--- PROBLEM STATEMENT ---
Only the pictures are to be left out; write out the rest of the data exactly.

═══ RECORDED INFORMATION

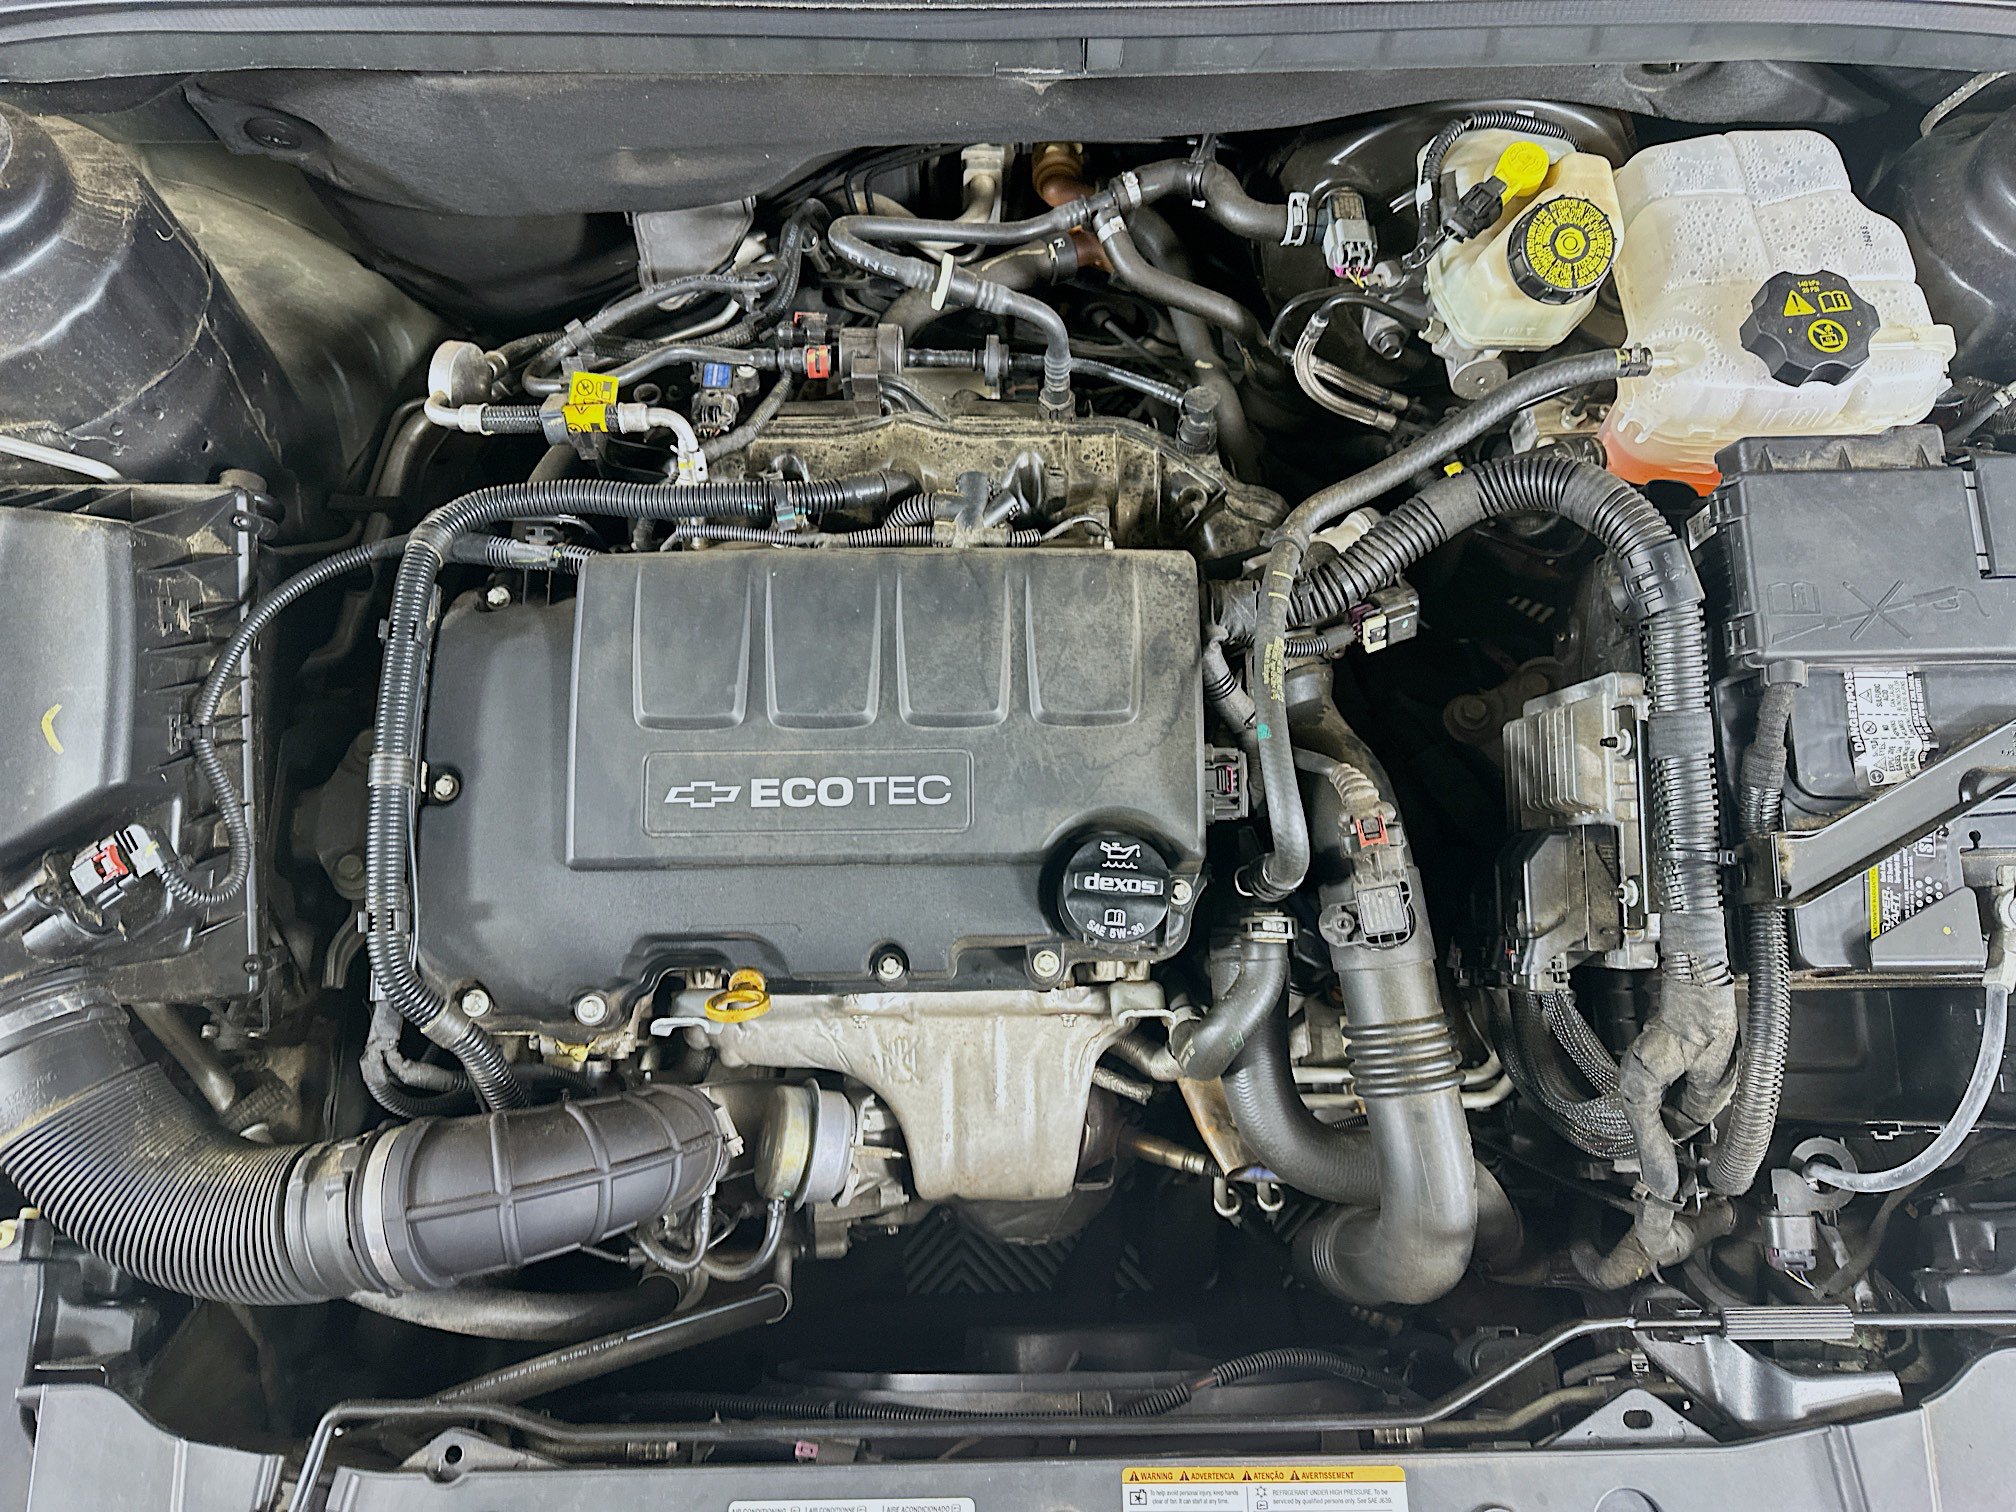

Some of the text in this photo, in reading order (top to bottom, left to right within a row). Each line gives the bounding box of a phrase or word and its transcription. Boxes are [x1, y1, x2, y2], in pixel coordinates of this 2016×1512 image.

[1844, 672, 1865, 751] DANGER/POIS
[750, 774, 952, 808] ECOTEC
[1084, 872, 1159, 894] dexos
[1086, 919, 1145, 939] SAE 5W-30
[1141, 1472, 1173, 1480] WARNING
[1191, 1472, 1234, 1480] ADVERTENCIA
[1254, 1471, 1284, 1480] ATENÇÃO

══════

--- OUTPUT FOR THIS TASK ---
Some of the text in this photo, in reading order (top to bottom, left to right within a row). Each line gives the bounding box of a phrase or word and its transcription. Boxes are [x1, y1, x2, y2], in pixel coordinates of this 2016×1512 image.

[1844, 672, 1865, 751] DANGER/POIS
[750, 774, 952, 808] ECOTEC
[1084, 872, 1159, 894] dexos
[1086, 919, 1145, 939] SAE 5W-30
[1141, 1472, 1173, 1480] WARNING
[1191, 1472, 1234, 1480] ADVERTENCIA
[1254, 1471, 1284, 1480] ATENÇÃO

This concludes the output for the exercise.